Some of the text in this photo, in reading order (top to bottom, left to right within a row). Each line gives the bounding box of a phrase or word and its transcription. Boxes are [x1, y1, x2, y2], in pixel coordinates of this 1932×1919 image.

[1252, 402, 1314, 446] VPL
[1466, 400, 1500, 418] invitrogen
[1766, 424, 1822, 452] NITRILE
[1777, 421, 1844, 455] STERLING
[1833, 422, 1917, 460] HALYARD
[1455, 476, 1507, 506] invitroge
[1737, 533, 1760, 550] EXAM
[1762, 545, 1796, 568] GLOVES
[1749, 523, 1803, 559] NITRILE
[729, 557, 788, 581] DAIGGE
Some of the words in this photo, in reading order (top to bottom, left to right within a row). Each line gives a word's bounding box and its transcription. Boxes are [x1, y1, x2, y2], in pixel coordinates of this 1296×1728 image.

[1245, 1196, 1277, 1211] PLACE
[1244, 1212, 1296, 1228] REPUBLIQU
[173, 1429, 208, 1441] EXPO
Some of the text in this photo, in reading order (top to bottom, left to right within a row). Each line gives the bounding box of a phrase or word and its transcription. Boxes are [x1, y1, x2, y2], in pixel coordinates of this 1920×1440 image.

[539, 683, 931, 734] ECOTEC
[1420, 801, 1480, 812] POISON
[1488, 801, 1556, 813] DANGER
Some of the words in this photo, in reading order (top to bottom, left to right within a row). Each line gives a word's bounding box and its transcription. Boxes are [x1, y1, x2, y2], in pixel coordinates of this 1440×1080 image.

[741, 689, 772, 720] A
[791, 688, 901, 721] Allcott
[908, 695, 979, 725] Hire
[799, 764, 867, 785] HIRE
+++
**YOUR INSTRUCTIONS**
Each entry must appear in the reply exactly as written.

**ANSWER SECTION**
Some of the text in this photo, in reading order (top to bottom, left to right within a row). Each line gives the bounding box of a phrase or word and its transcription. Boxes are [x1, y1, x2, y2], in pixel coordinates of this 1932×1919 image.

[1252, 402, 1314, 446] VPL
[1466, 400, 1500, 418] invitrogen
[1766, 424, 1822, 452] NITRILE
[1777, 421, 1844, 455] STERLING
[1833, 422, 1917, 460] HALYARD
[1455, 476, 1507, 506] invitroge
[1737, 533, 1760, 550] EXAM
[1762, 545, 1796, 568] GLOVES
[1749, 523, 1803, 559] NITRILE
[729, 557, 788, 581] DAIGGE
Some of the words in this photo, in reading order (top to bottom, left to right within a row). Each line gives a word's bounding box and its transcription. Boxes are [x1, y1, x2, y2], in pixel coordinates of this 1296×1728 image.

[1245, 1196, 1277, 1211] PLACE
[1244, 1212, 1296, 1228] REPUBLIQU
[173, 1429, 208, 1441] EXPO
Some of the text in this photo, in reading order (top to bottom, left to right within a row). Each line gives the bounding box of a phrase or word and its transcription. Boxes are [x1, y1, x2, y2], in pixel coordinates of this 1920×1440 image.

[539, 683, 931, 734] ECOTEC
[1420, 801, 1480, 812] POISON
[1488, 801, 1556, 813] DANGER
Some of the words in this photo, in reading order (top to bottom, left to right within a row). Each line gives a word's bounding box and its transcription. Boxes are [x1, y1, x2, y2], in pixel coordinates of this 1440×1080 image.

[741, 689, 772, 720] A
[791, 688, 901, 721] Allcott
[908, 695, 979, 725] Hire
[799, 764, 867, 785] HIRE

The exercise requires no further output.